El segundo informe, fue elaborado por el Dr. Rafael C. Lajmanovich (Investigador Principal del Conicet y profesor de la cátedra Ecotoxicología); la Dra. Paola M. Peltzer (Investigadora Independiente Conicet); y el Dr. Maximiliano A. Attademo (Investigador Independiente del Conicet), en el Laboratorio de Ecotoxicología de la FBCB.

Dicho informe, con el que ahora cuenta la Fiscalía Extrapenal del Distrito Judicial con asiento en la localidad de Esperanza, contiene muestras sobre la base del relevamiento de dos sitios de análisis en la margen este del río Salado. Allí se obtuvieron muestras de sedimento, agua y tejidos de peces.

En los puntos de muestras se encuentra una sinergia entre contaminantes de origen inorgánico y orgánico. Al análisis de plaguicidas que surgen del muestreo realizado, en los puntos de referencia, se destacó que los mismos se encuentran inmersos en una cuenca con una matriz de producción agrícola intensa. Tanto en los sedimentos (en márgenes del río) como en las vísceras analizadas de las especies ictícolas (principalmente sábalos y moncholos), se encontraron plaguicidas del tipo “herbicida glifosato”, principalmente.

Los valores hallados se encuentran en relación con los registrados por diversos investigadores en otras cuencas agrícolas argentinas que tiene que ver con la historia de los suelos que, luego de las lluvias, drenan hacia cuerpos de agua cercanos (arroyos, ríos, tributarios, lagunas) o por escorrentía, movilizando materiales.

Más químicos

En cuanto a los analitos analizados por los expertos en los tejidos de los peces recolectados, se detectaron en ambos puntos del muestreo, residuos de plaguicidas. “En branquias e hígado de Prochilodus lineatus (sábalo) en el sitio 1 se encontró el herbicida 2,4-D en una concentración de 20 (± 10) ug/kg y el insecticida organofosforado.

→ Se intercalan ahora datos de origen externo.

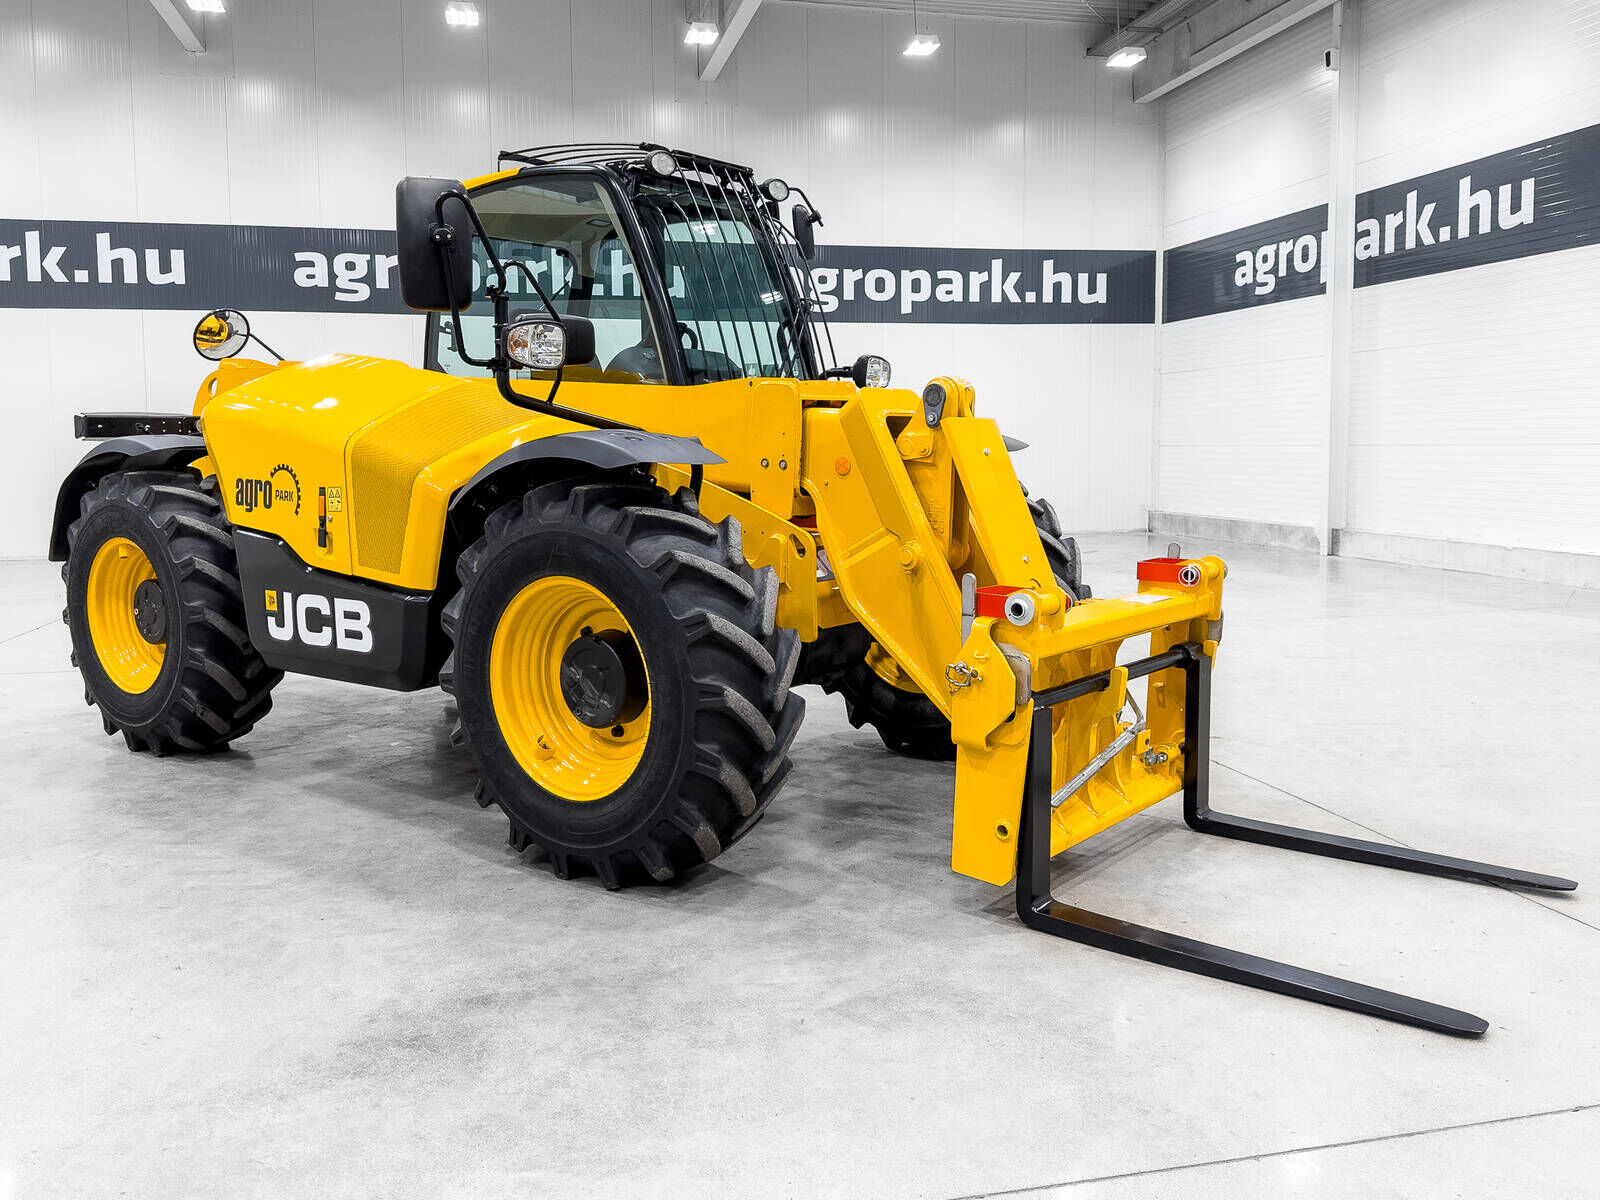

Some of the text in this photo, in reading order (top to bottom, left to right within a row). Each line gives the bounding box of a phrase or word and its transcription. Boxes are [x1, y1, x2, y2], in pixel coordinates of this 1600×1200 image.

[235, 477, 294, 513] agro PARK
[266, 591, 373, 653] JCB

A su vez, los especialistas en ecotoxicología indicaron que “el glifosato y la atrazina son los agroquímicos más empleado en el país. Se utiliza principalmente en la fase previa a la siembra de soja y maíz transgénicos. Además, el 2,4-D por su efectos tóxicos y genotóxicos en peces, se puede clasificar como una sustancia muy nociva para los organismos acuáticos”.

También se detectaron en branquias e hígado de la especie estudiada, residuos de un potente insecticida organfosforado (OP). “El clorpirifos es el insecticida neurotóxico de amplio espectro más utilizado en Argentina (principalmente en cultivos de soja, maíz, trigo y girasol) para controlar plagas de insectos”, mencionaron y agregaron en el informe que “debido a sus grandes riesgos para la salud humana y animal (sus exposiciones crónicas pueden causar déficits cognitivos y conductuales) en enero de 2020 la Unión Europea prohibió el uso del clorpirifos”.